- AIM OF THE EXERCISE:
Retype the tail of the data exactly, starting at the line containing "this 1250×1875 image." and stopping at the last line.

- DATA EXCERPTS:
========================================================================

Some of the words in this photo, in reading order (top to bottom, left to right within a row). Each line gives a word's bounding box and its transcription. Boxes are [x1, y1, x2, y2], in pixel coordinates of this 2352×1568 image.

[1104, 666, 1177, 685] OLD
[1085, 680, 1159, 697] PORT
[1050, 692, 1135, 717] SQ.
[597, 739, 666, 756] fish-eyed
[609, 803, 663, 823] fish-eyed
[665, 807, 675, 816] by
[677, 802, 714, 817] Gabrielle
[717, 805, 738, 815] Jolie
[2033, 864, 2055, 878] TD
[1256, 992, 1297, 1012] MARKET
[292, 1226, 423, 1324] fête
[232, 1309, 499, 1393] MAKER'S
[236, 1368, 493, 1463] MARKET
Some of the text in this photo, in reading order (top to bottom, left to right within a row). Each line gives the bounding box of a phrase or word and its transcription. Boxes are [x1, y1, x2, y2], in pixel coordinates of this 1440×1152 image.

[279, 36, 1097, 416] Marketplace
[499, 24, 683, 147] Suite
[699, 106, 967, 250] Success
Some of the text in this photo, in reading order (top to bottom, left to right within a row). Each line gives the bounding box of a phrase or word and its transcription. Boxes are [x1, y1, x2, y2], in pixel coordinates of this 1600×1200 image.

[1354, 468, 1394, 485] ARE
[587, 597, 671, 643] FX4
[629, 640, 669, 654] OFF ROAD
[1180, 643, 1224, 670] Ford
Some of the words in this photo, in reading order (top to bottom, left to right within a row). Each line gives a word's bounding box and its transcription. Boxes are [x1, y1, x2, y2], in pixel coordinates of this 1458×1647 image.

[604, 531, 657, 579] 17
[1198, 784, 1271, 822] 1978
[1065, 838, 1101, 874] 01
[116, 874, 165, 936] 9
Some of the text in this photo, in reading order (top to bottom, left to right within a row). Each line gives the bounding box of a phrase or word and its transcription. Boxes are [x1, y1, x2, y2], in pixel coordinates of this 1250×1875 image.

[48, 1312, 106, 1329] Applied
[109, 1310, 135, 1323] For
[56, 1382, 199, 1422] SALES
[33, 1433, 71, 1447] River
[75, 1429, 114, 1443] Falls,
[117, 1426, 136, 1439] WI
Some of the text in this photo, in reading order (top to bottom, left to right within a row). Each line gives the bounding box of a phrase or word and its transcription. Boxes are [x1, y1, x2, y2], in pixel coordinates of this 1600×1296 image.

========================================================================

- EXERCISE ANSWER:
Some of the text in this photo, in reading order (top to bottom, left to right within a row). Each line gives the bounding box of a phrase or word and its transcription. Boxes are [x1, y1, x2, y2], in pixel coordinates of this 1250×1875 image.

[48, 1312, 106, 1329] Applied
[109, 1310, 135, 1323] For
[56, 1382, 199, 1422] SALES
[33, 1433, 71, 1447] River
[75, 1429, 114, 1443] Falls,
[117, 1426, 136, 1439] WI
Some of the text in this photo, in reading order (top to bottom, left to right within a row). Each line gives the bounding box of a phrase or word and its transcription. Boxes are [x1, y1, x2, y2], in pixel coordinates of this 1600×1296 image.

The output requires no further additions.